Wang Xudong, Chen Jiafei, Cai Meijiao, Zhang Liping, Tian Chaoyi, Ge Yunsheng, Zhang Guowang, Zhou Yulin
Xiamen Newborn Screening Center, Women and Children's Hospital, School of Medicine, Xiamen University, Xiamen, Fujian, China.
Department of Central Laboratory, School of Medicine, Xiamen University, Xiamen, Fujian, China.
Sci Rep. 2025 Jul 2;15(1):22630. doi: 10.1038/s41598-025-06744-w.

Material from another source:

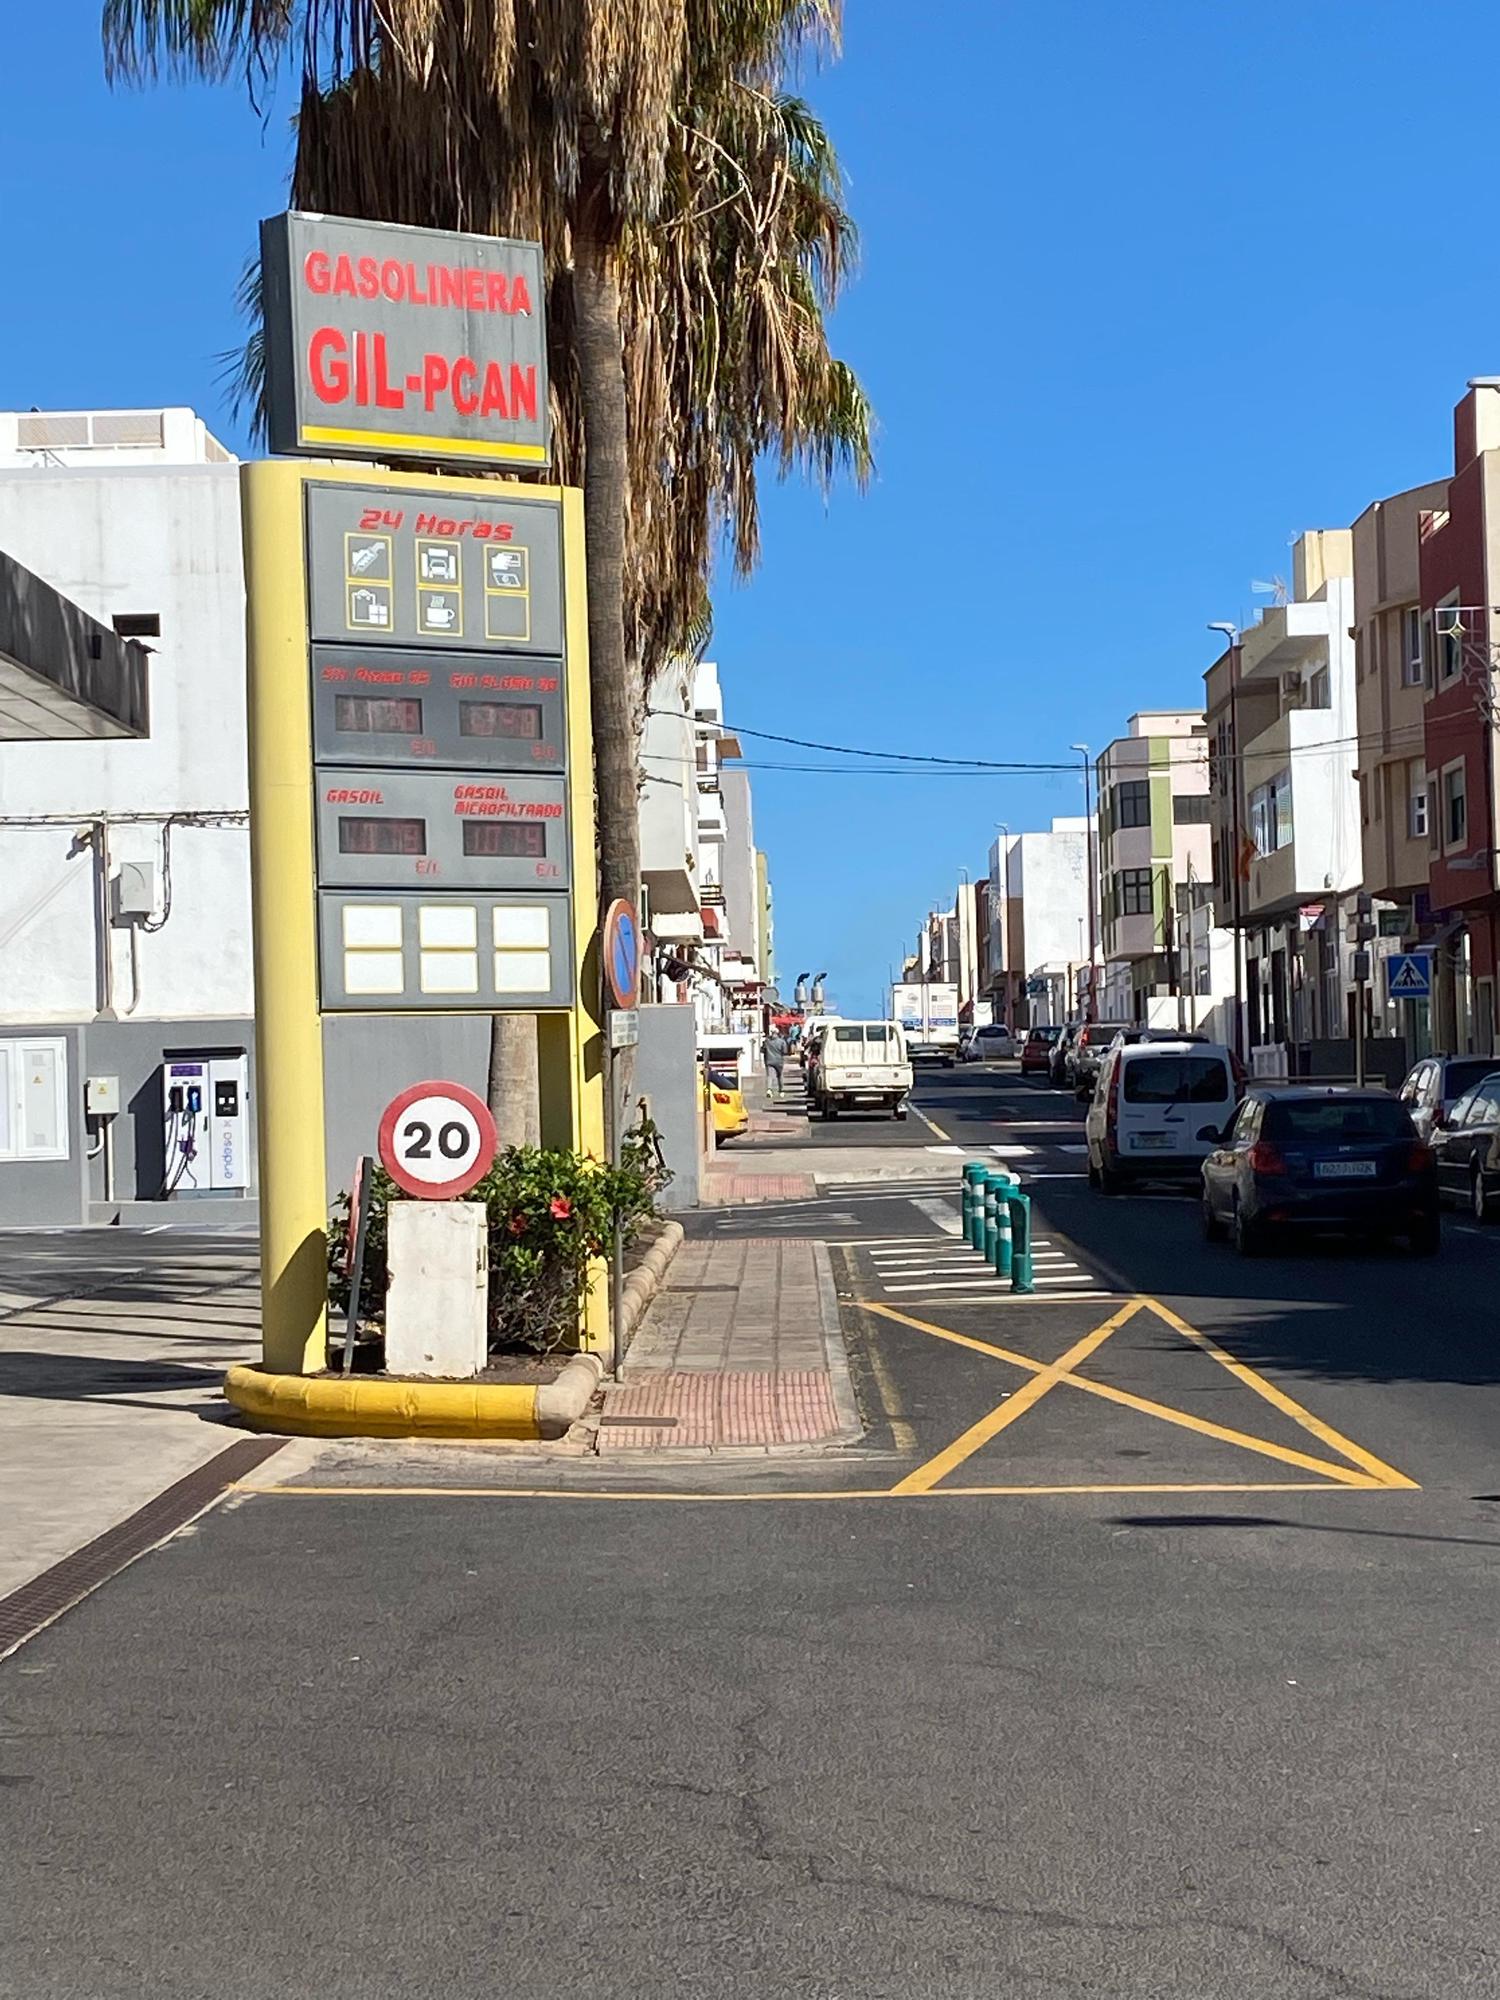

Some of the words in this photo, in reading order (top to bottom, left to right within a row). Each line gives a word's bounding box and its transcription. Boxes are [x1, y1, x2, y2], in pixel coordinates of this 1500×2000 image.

Hearing loss (HL) is a common sensorineural defect. Wide-spread genetic screening is important for early diagnosis and intervention. We aimed to evaluate and compare the clinical performance of the MeltPro HL assay and a targeted next-generation sequencing assay for genetic screening of HL and to explore the relationship between the c.109G > A genotype and the HL phenotype. From December 2021 to December 2022, we recruited 220 patients who agreed to undergo the MeltPro HL and targeted next-generation sequencing assays for genetic HL screening. In our cohort, the degree of HL was mainly mild to moderate (78.64%, 173/220). In the MeltPro HL and targeted next-generation sequencing genetic screening assays, 34 patients (34/220, 15.45%) and 145 patients (145/220, 65.91%), respectively, were genetic positive for variants in HL-related genes. GJB2 and SLC26A4 were the two most common HL-causing genes detected among our cohorts of outpatients in Xiamen. The most prevalent variants of GJB2 and SLC26A4 were c.109G > A and c.919-2 A > G, with allelic frequencies of 52.95% (233/440) and 2.50% (11/440), respectively. In addition, a biallelic c.109G > A variant was identified in 115 (79.31%, 115/145) patients, and 93.91% (108/115) of them had mild-to-moderate HL. Our data showed that the MeltPro HL assay is an easy-to-use, satisfactory, and cost-effective genetic screening method for routine use in most laboratories, especially in remote areas of China. It has great potential to improve the diagnosis and prevention of HL in Xiamen when variant c.109G > A is included.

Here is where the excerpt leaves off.